B.13 Gender analysis

Purpose

Gender analysis in an initiative dealing with population dynamics and the local environment helps to illustrate the difference in the ways men and women contribute to population dynamics, perceive it and are affected by it, and how they use natural resources, rely on them, and have access to alternatives. It also helps to make explicit the constraints (financial, legal, cultural, etc.) that differentially affect the ability of men and women to respond to, and participate in, common initiatives.

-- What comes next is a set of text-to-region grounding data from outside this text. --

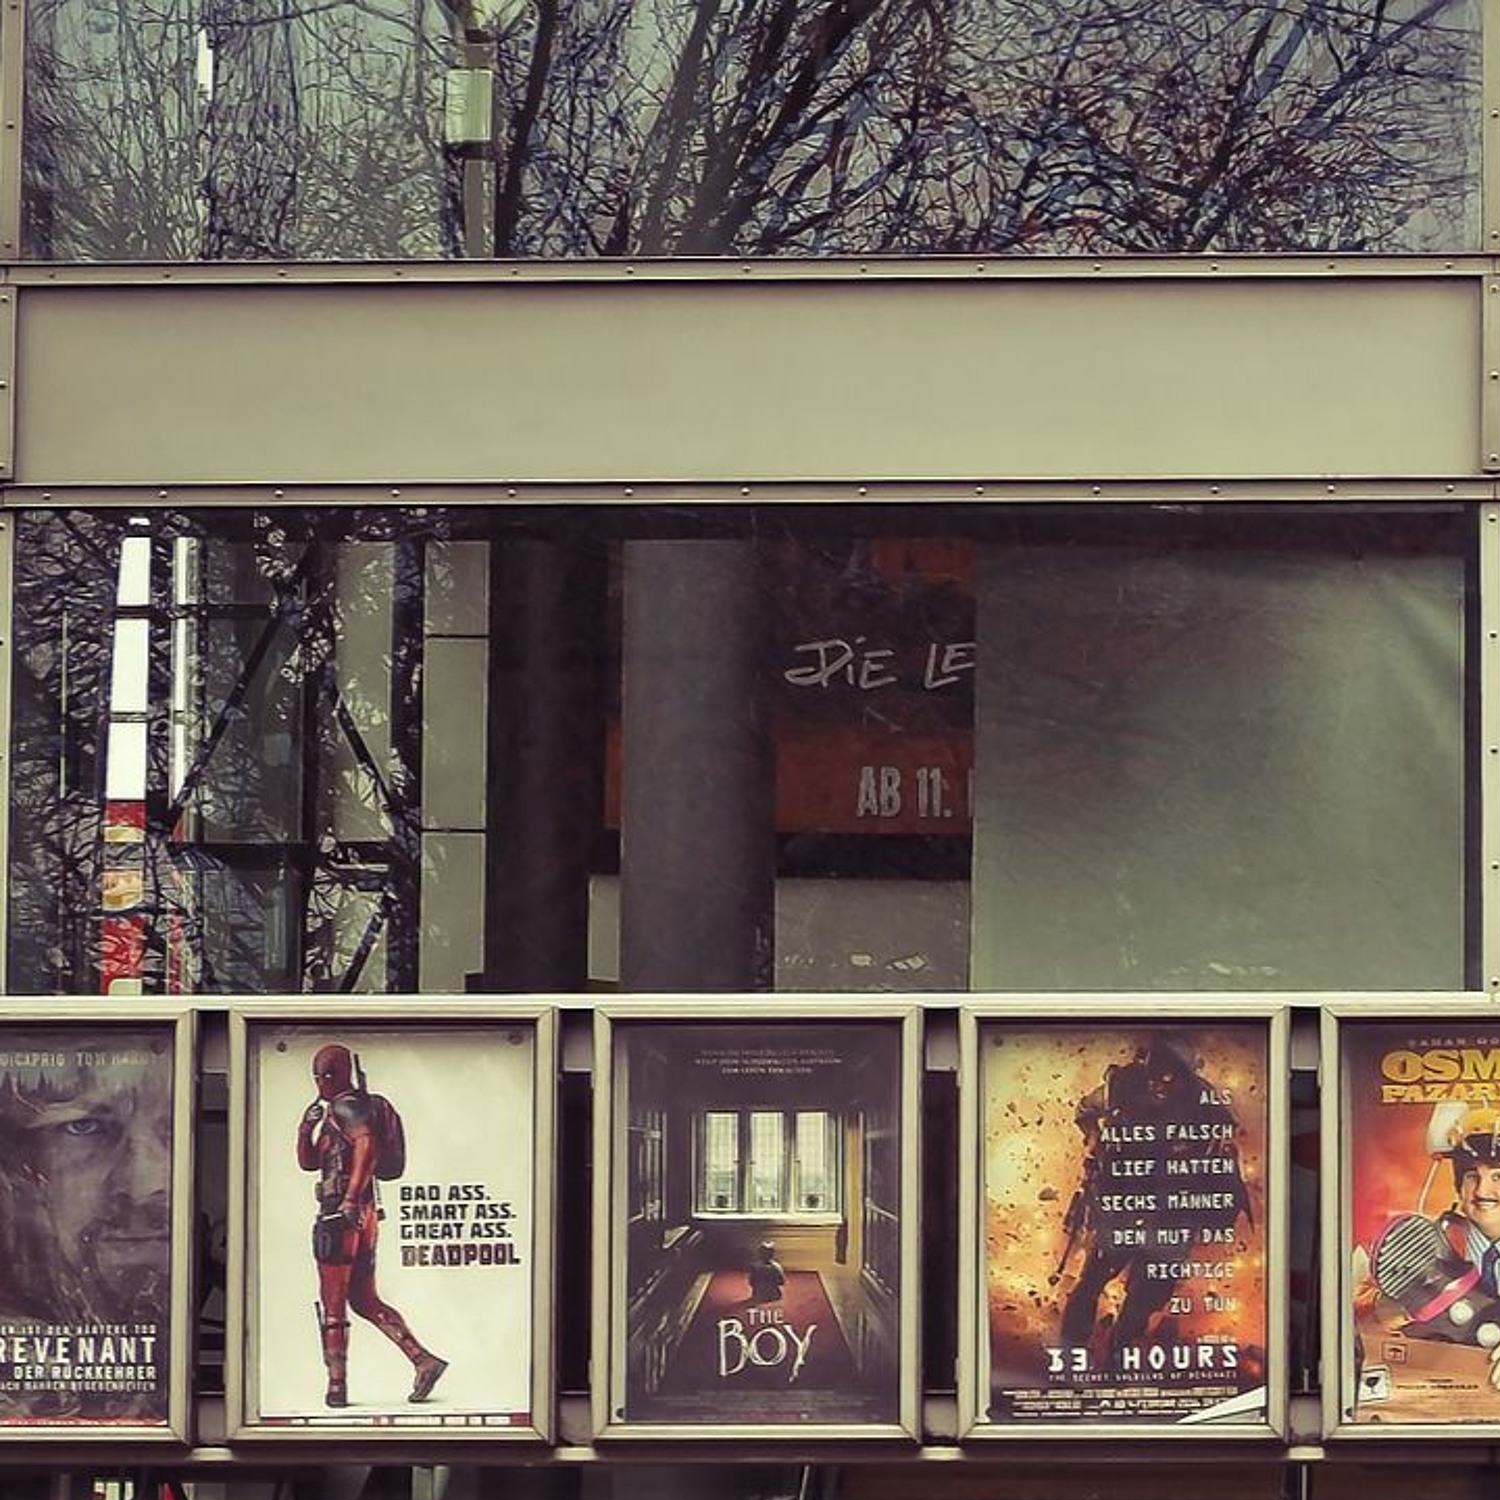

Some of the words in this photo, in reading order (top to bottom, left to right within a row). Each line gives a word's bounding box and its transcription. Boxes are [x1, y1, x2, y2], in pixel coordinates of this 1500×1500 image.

[856, 766, 901, 817] AB
[1199, 1089, 1232, 1106] ALS
[1100, 1125, 1156, 1142] ALLES
[1165, 1123, 1233, 1140] FALSCH
[1111, 1160, 1156, 1176] LIEF
[1166, 1158, 1234, 1175] HATTEN
[400, 1184, 440, 1201] BAD
[447, 1184, 491, 1201] ASS.
[1101, 1194, 1156, 1211] SECHS
[1167, 1190, 1234, 1210] MÄNNER
[400, 1203, 469, 1221] SMART
[474, 1202, 517, 1220] ASS.
[400, 1222, 464, 1240] GREAT
[470, 1221, 512, 1239] ASS.
[1113, 1229, 1146, 1245] DEN
[1157, 1229, 1191, 1245] MUT
[1202, 1228, 1235, 1243] DAS
[401, 1242, 521, 1267] DEADPOOL
[1146, 1262, 1234, 1279] RICHTIGE
[1169, 1297, 1191, 1314] ZU
[1203, 1296, 1237, 1312] TUN
[746, 1307, 785, 1326] THE
[717, 1318, 818, 1383] BOY
[1122, 1345, 1238, 1370] HOURS
[14, 1365, 45, 1380] DER
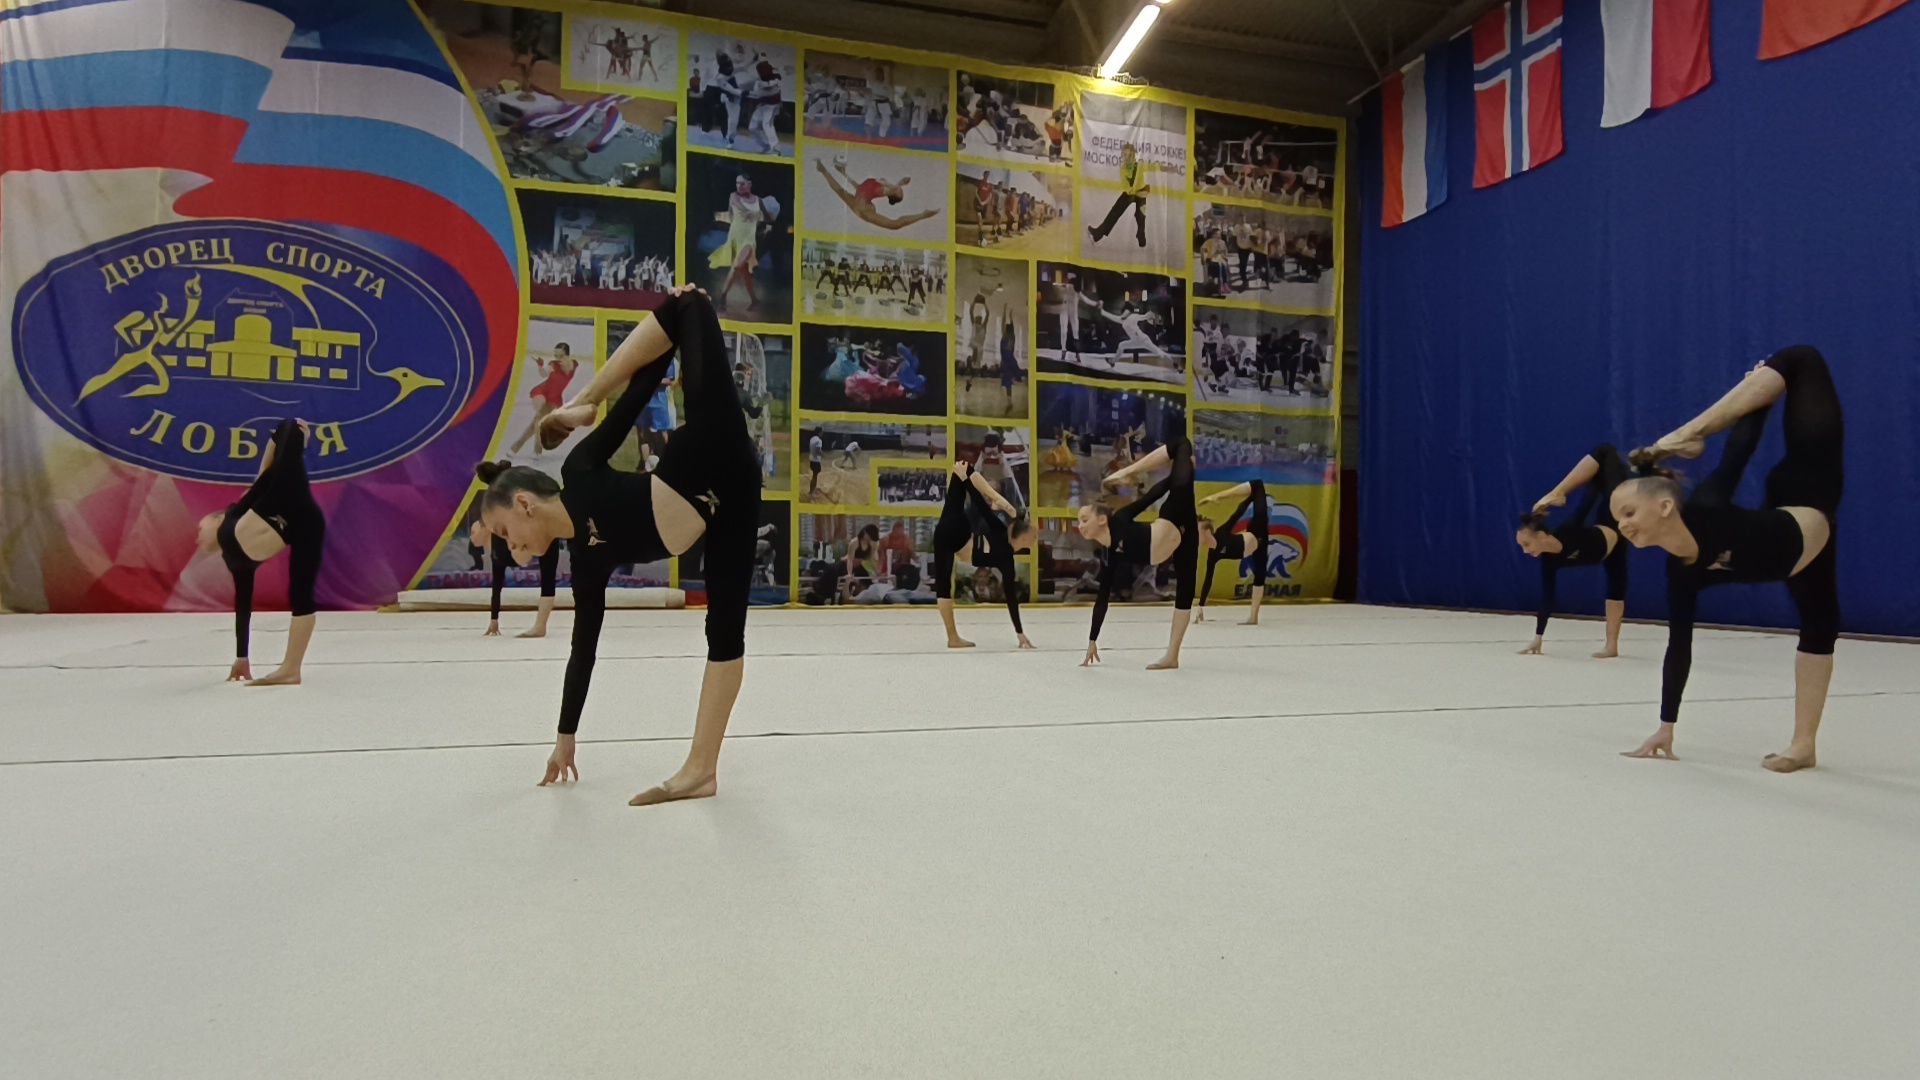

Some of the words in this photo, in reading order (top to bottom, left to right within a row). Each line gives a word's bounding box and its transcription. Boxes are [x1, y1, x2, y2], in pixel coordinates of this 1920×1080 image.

[1091, 136, 1151, 154] ФЕДЕРЦИЯ
[100, 237, 235, 294] ДВОРЕЦ
[266, 241, 386, 300] СПОРТА
[129, 408, 349, 460] ЛОБЯ
[1234, 583, 1302, 599] ЕДНАЯ
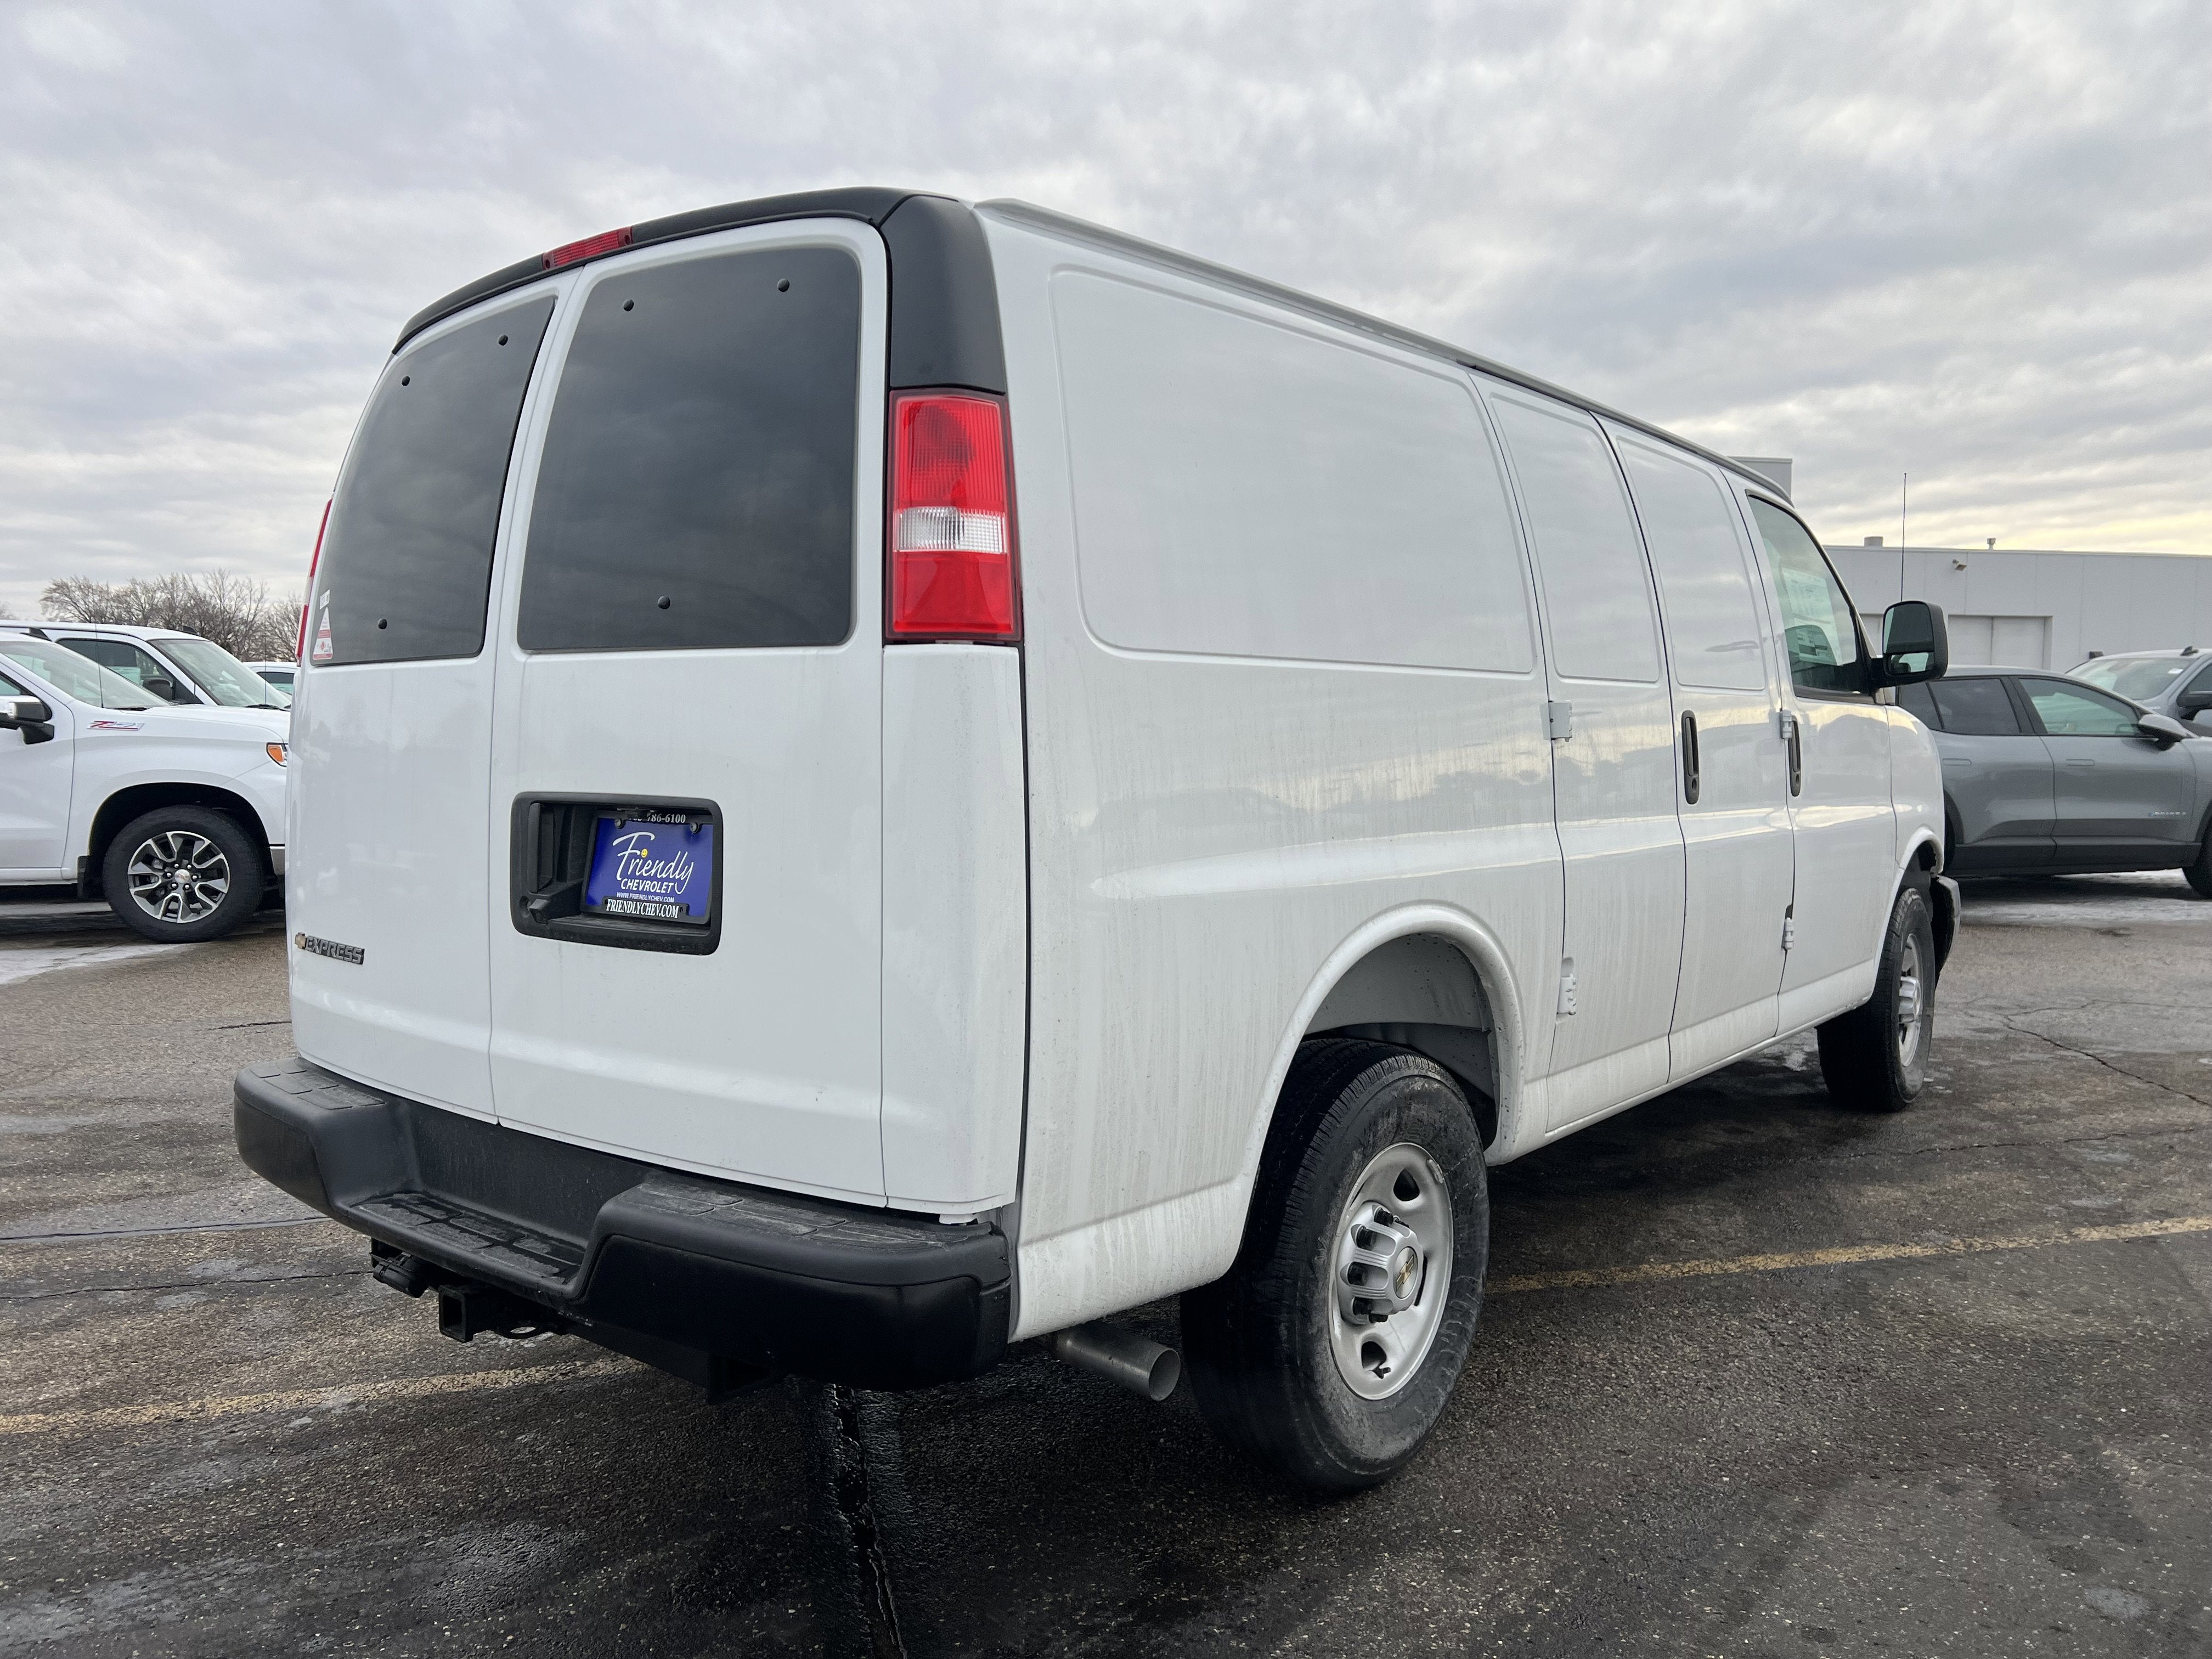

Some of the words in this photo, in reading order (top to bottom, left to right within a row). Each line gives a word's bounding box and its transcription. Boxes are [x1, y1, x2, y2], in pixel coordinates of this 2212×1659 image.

[612, 832, 694, 894] Friendly
[620, 878, 674, 894] CHEVROLET
[617, 891, 675, 903] WWW.FRIENDLYCHEV.COM
[606, 899, 680, 918] FRIENDLYCHEV.COM
[305, 935, 363, 964] EXPRESS

Steps in applying this process

Gender analysis can refer to any topic and be incorporated in all types of tools and processes, including: natural group interviews, gender-based interviews (natural group, focus and key informant), seasonal calendars, trend analysis, mapping exercises, household interviews, informal discussions, and so on. First, it is important to access and record data in 'disaggregated' and specific terms with respect to men and women. In other words, questions should probe in detail, for instance:

  • Who migrates?
  • Who wants large (small) families?
  • Who is benefiting from large (small) families?
  • Who is paying the price?
  • Who has access to what resources - finance, equipment, land, natural products, etc.
  • Who uses which natural resources, and for what?
  • Who carries out which tasks?
  • What role do women (men) play in decision-making about resource use?
  • What is getting better for the women (men)?
  • What is getting worse for the women (men)?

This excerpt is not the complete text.